[Stored items]
■ ■ ■ ■
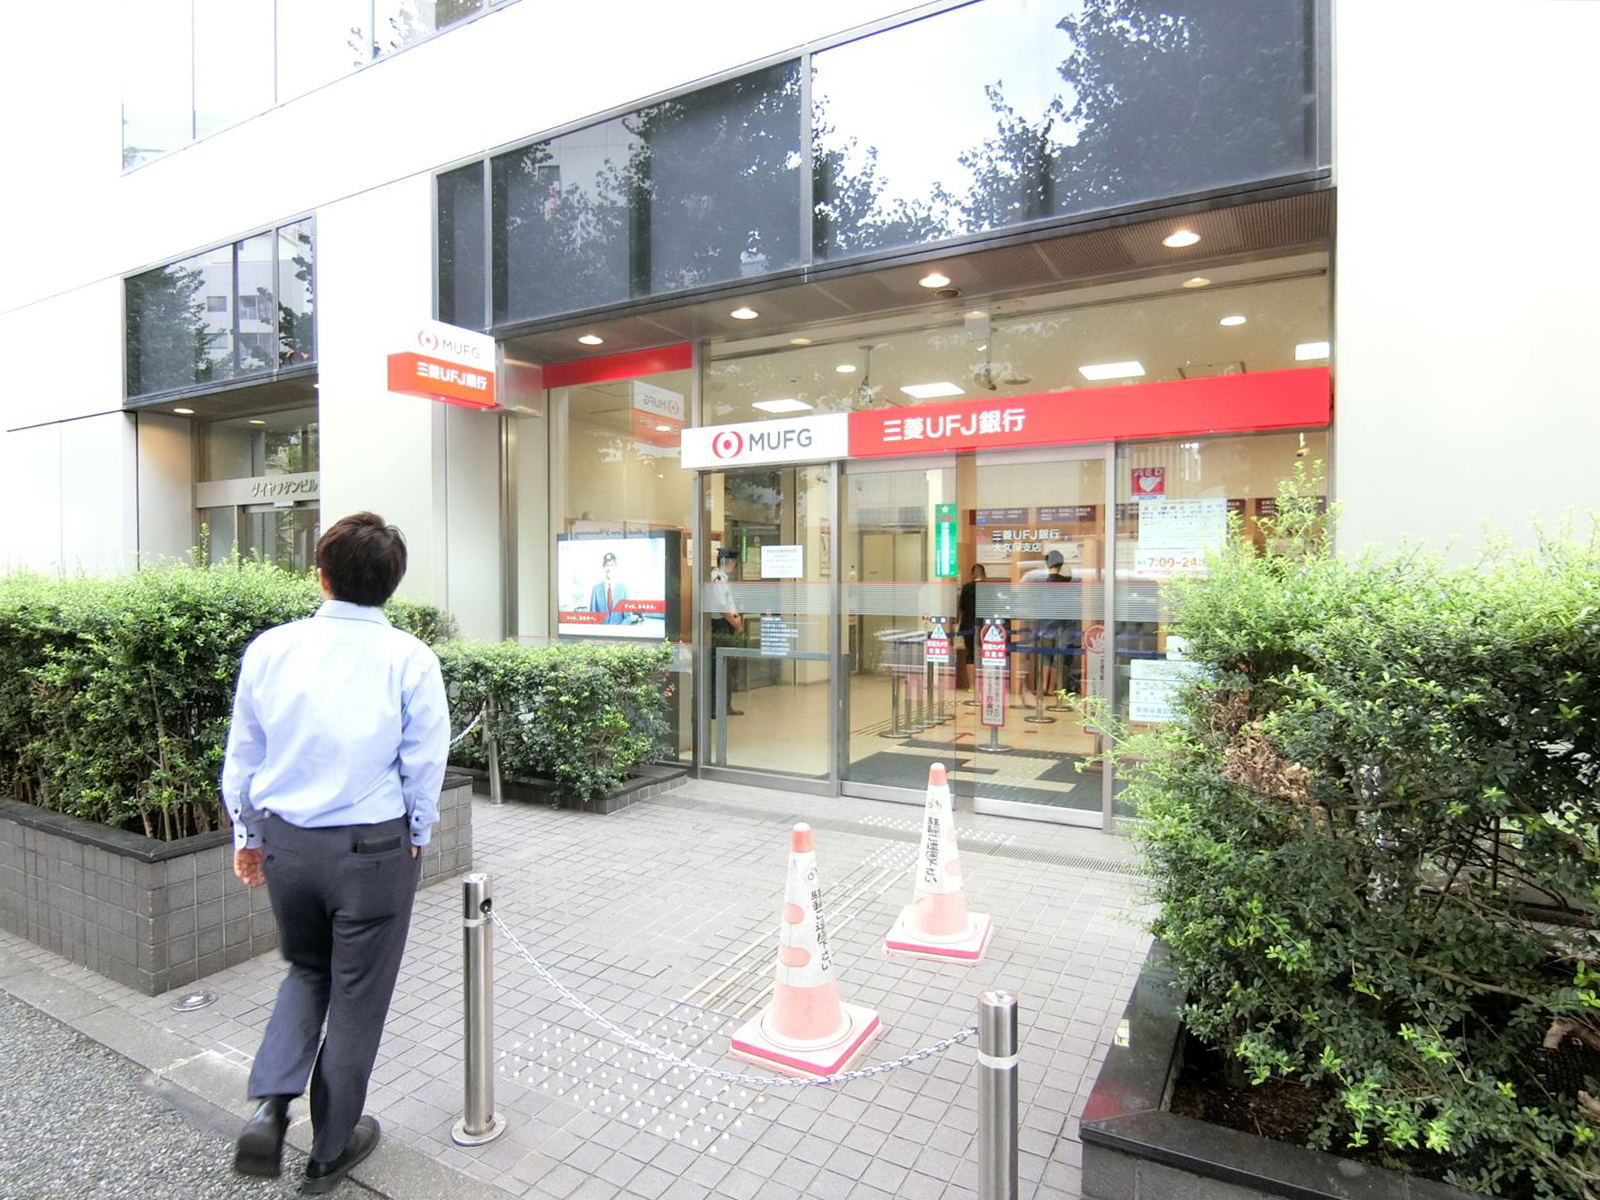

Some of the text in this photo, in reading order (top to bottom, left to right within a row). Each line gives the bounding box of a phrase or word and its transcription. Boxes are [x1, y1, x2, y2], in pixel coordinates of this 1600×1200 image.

[442, 339, 481, 359] MUFG
[883, 408, 1026, 442] 三菱UFJ銀行
[749, 428, 812, 452] MUFG
[1133, 468, 1163, 477] AED
[992, 528, 1060, 541] 三菱UFJ銀行
■ ■ ■ ■
## EXERCISE AIM
Leaving out every picture, repeat the records above exactly as they stand.

## WORKED SOLUTION
Some of the text in this photo, in reading order (top to bottom, left to right within a row). Each line gives the bounding box of a phrase or word and its transcription. Boxes are [x1, y1, x2, y2], in pixel coordinates of this 1600×1200 image.

[442, 339, 481, 359] MUFG
[883, 408, 1026, 442] 三菱UFJ銀行
[749, 428, 812, 452] MUFG
[1133, 468, 1163, 477] AED
[992, 528, 1060, 541] 三菱UFJ銀行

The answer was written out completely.